Bee Gees singer Robin Gibb has woken from a coma and responded to members of his family, his spokesman said Saturday.
Gibb, 62, contracted pneumonia and fell into the coma last week. He is suffering from colon and liver cancer.
His spokesman Doug Wright said Gibb had been able to nod and communicate with family members who have been at his bedside at a hospital in west London.
He did not give further details.
The British star's wife Dwina said this week that the singer's brother, fellow Bee Gee Barry Gibb, had been singing to Robin to try to rouse him.
His three children had also been playing music to him, she said.
The Bee Gees -- twins Robin and the late Maurice Gibb and their elder brother Barry, 65 -- are among the biggest-selling groups of all time.
Robin Gibb had bowel surgery 18 months ago but a tumour was found and he was diagnosed with cancer of the colon and the liver.

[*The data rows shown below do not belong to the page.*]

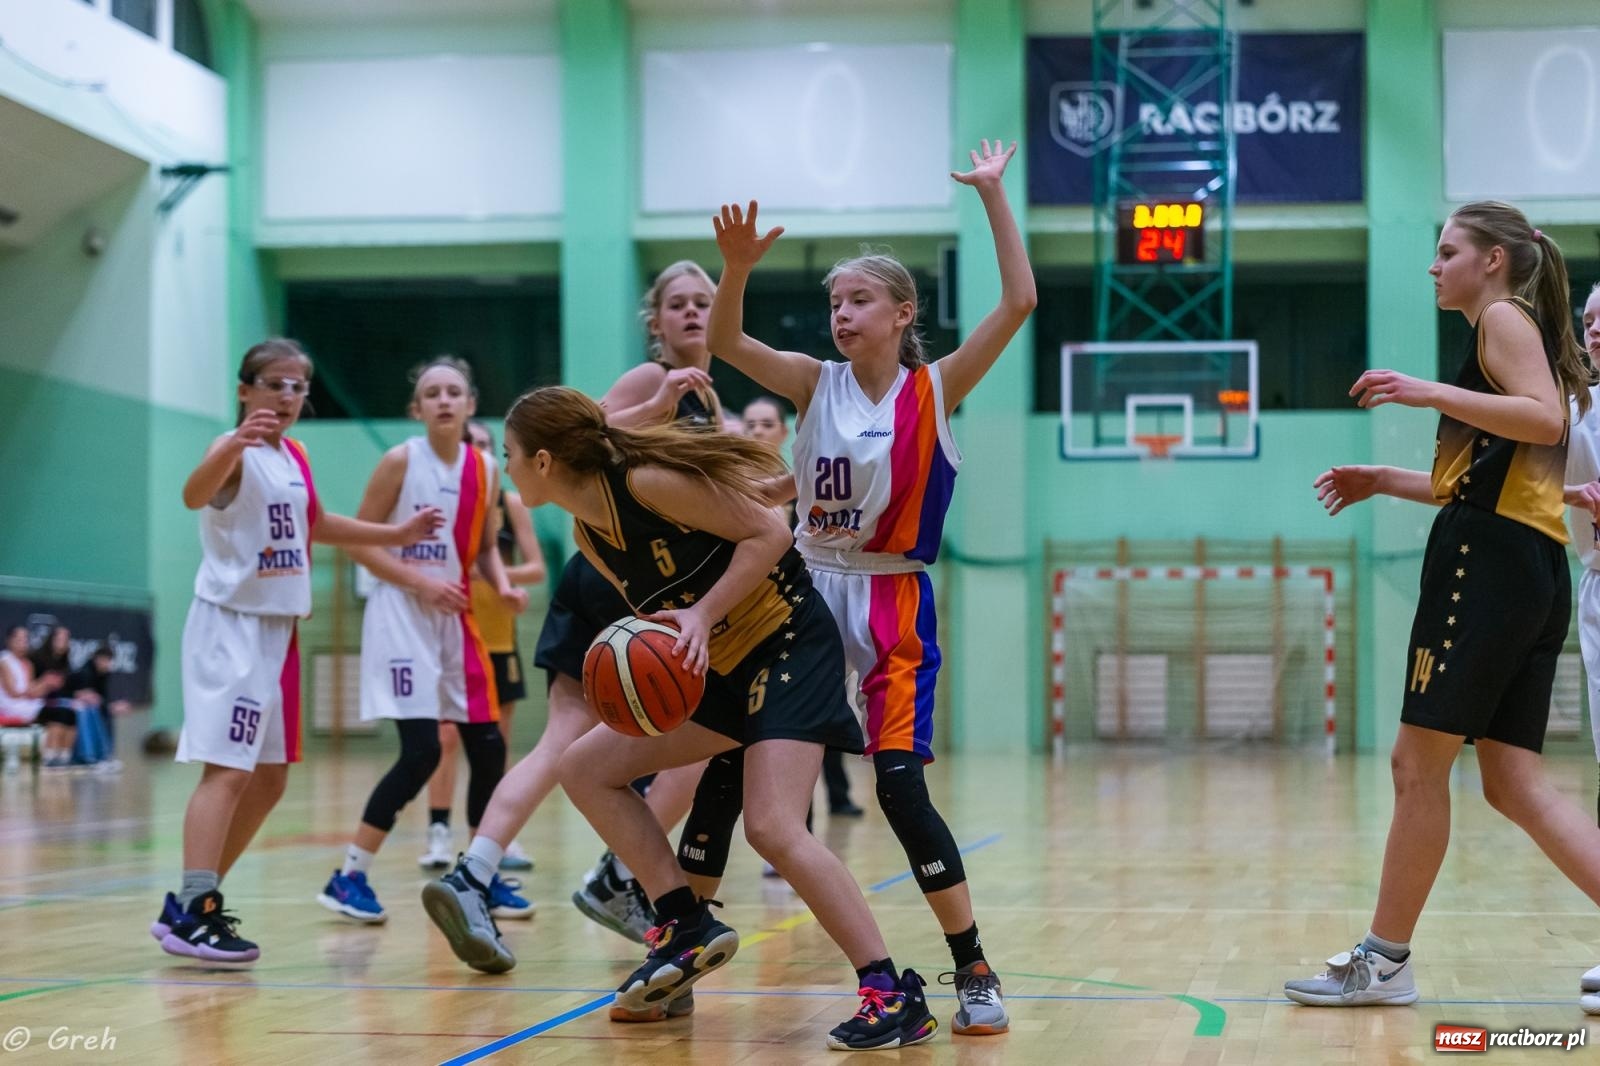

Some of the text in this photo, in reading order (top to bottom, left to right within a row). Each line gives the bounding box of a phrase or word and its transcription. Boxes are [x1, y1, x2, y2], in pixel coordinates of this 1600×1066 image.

[1136, 228, 1186, 262] 24
[815, 456, 852, 501] 20
[268, 503, 295, 540] 55
[650, 538, 677, 577] 5
[390, 667, 412, 698] 16
[1410, 648, 1435, 694] 14
[748, 668, 769, 715] 5
[229, 705, 261, 746] 55
[688, 846, 705, 862] NBA
[926, 859, 946, 876] NBA
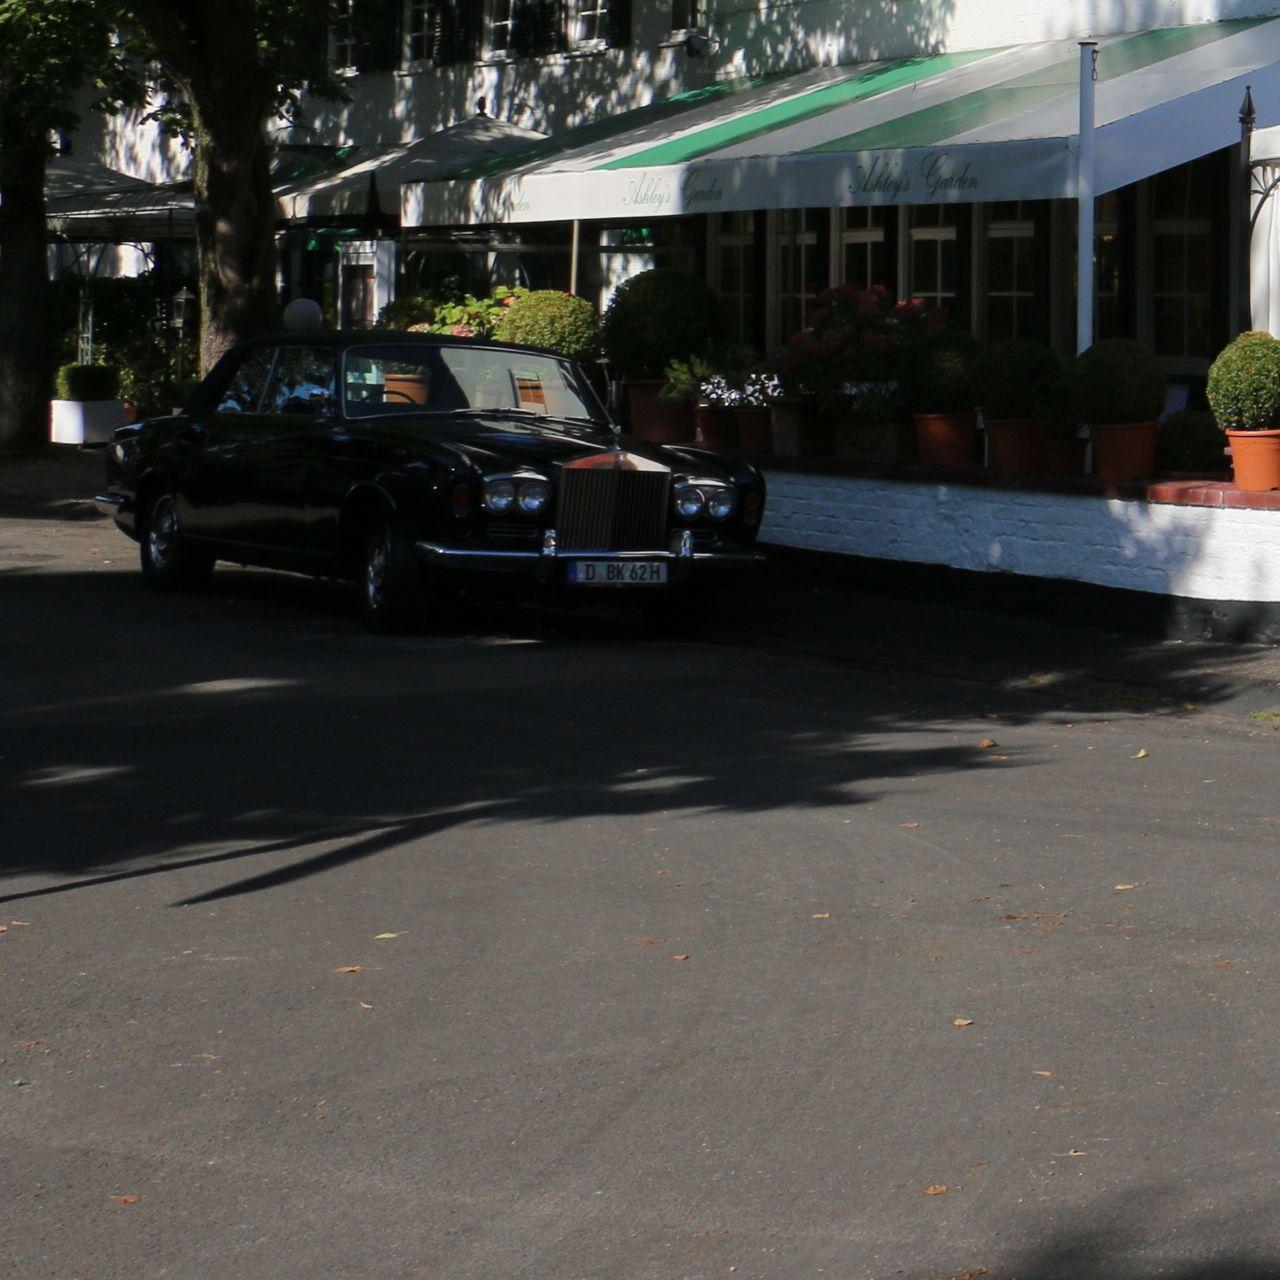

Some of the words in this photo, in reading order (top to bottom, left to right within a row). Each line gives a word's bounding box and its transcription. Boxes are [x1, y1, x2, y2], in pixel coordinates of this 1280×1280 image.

[921, 152, 978, 201] Garden
[586, 564, 596, 580] D
[607, 564, 625, 580] BK
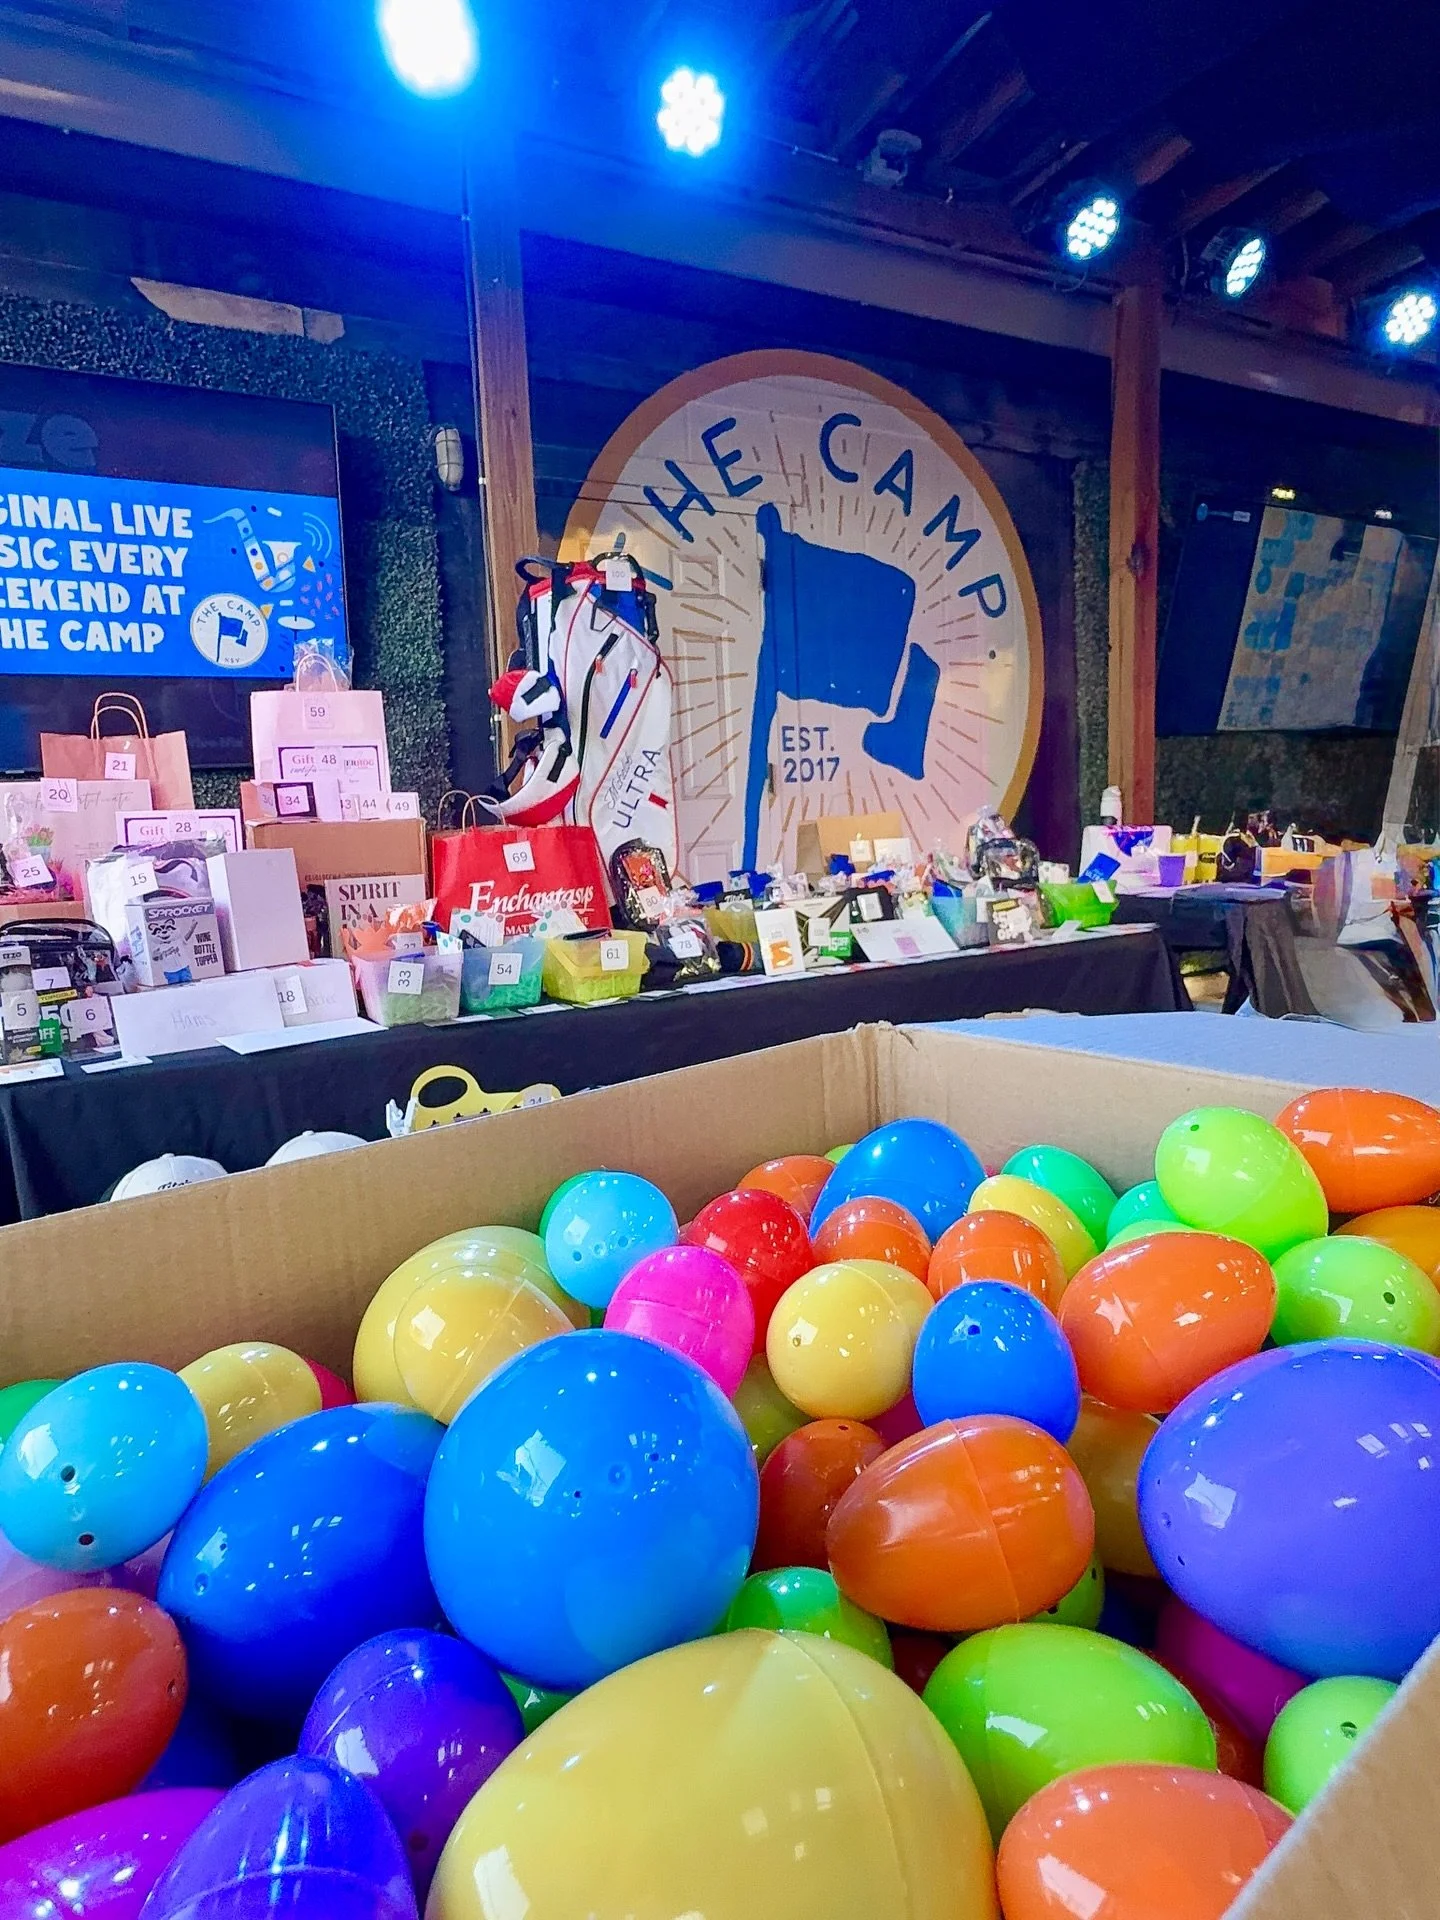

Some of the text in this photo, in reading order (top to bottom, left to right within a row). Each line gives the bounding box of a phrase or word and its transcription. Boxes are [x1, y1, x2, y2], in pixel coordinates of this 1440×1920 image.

[111, 502, 193, 539] LIVE
[818, 412, 1007, 618] CAMP
[0, 534, 188, 577] SIC EVERY
[0, 577, 186, 615] EKEND AT
[196, 600, 260, 627] THE CAMP
[0, 618, 165, 653] HE CAMP
[309, 706, 326, 717] 59
[781, 726, 835, 752] EST.
[112, 760, 129, 771] 21
[321, 754, 337, 765] 48
[783, 757, 840, 783] 2017
[48, 788, 68, 799] 20
[612, 750, 661, 828] ULTRA
[285, 795, 300, 805] 34
[362, 798, 376, 809] 44
[394, 801, 410, 811] 49
[139, 823, 164, 837] Gift
[175, 822, 192, 833] 28
[512, 851, 528, 863] 69
[21, 867, 41, 878] 25
[130, 872, 147, 886] 15
[338, 881, 401, 902] SPIRIT
[148, 904, 211, 919] SPROCKET
[193, 943, 216, 955] BOTTLE
[678, 940, 693, 950] 78
[606, 948, 621, 959] 61
[496, 964, 512, 975] 54
[398, 970, 411, 987] 33
[277, 990, 295, 1003] 18
[16, 1003, 27, 1016] 5
[85, 1008, 96, 1020] 6
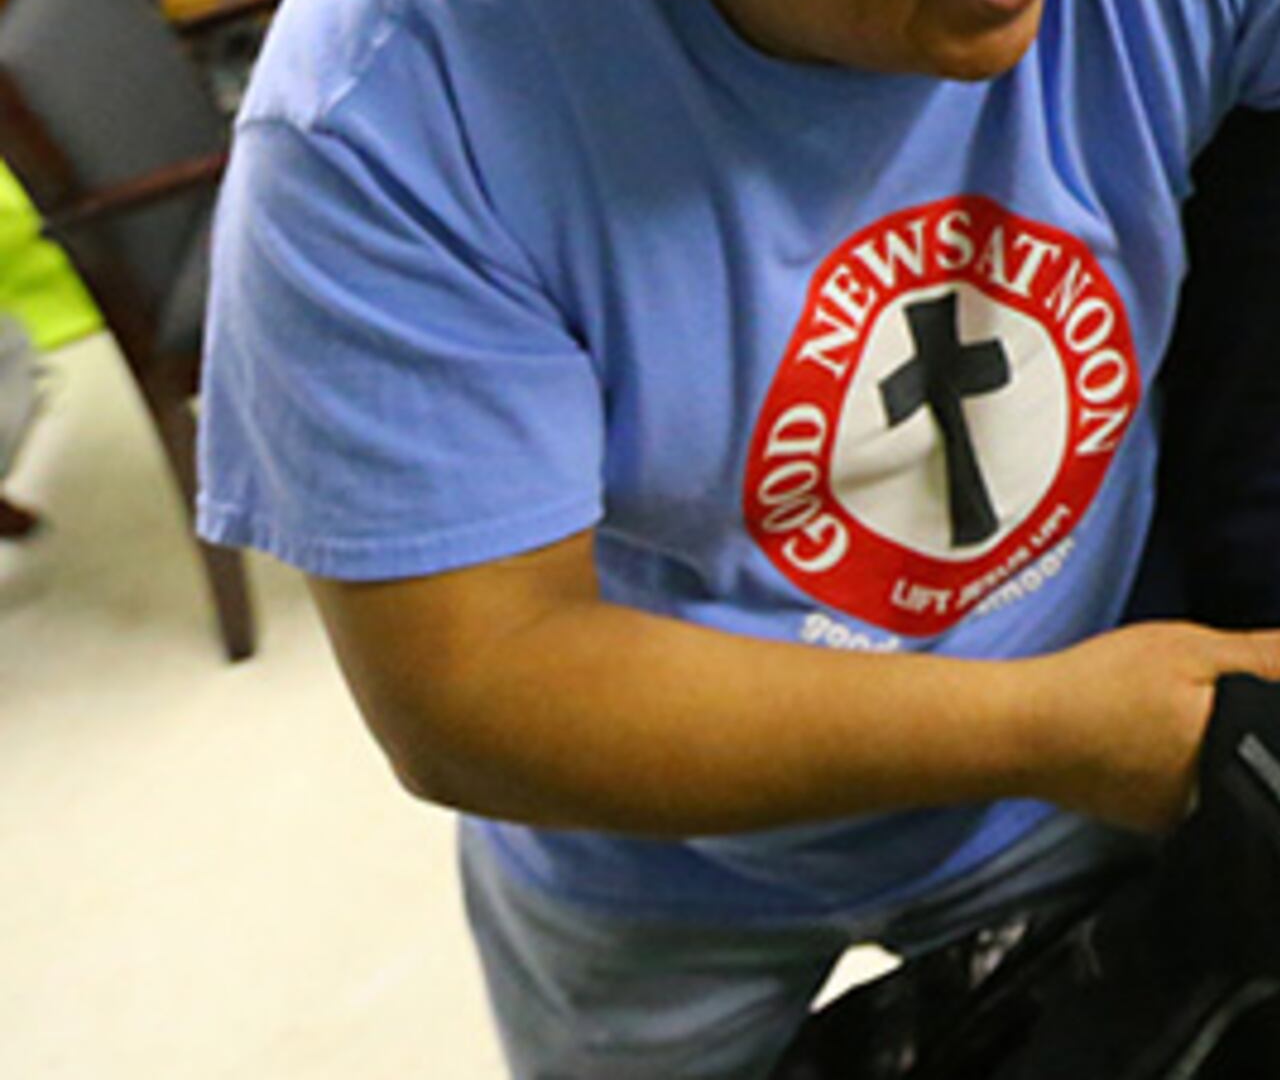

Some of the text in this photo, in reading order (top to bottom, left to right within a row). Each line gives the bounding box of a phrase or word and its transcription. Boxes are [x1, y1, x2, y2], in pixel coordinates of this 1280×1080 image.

In February, Gibb said he had made a "spectacular" recovery from his treatment, sparking hopes that his cancer was in remission.
Gibb was too ill to attend last week's premiere of his first classical work, "The Titanic Requiem", composed with his son Robin-John to commemorate the 100th anniversary of the ship's sinking.
Gibb had been due to perform the song "Don't Cry Alone" at the central London premiere.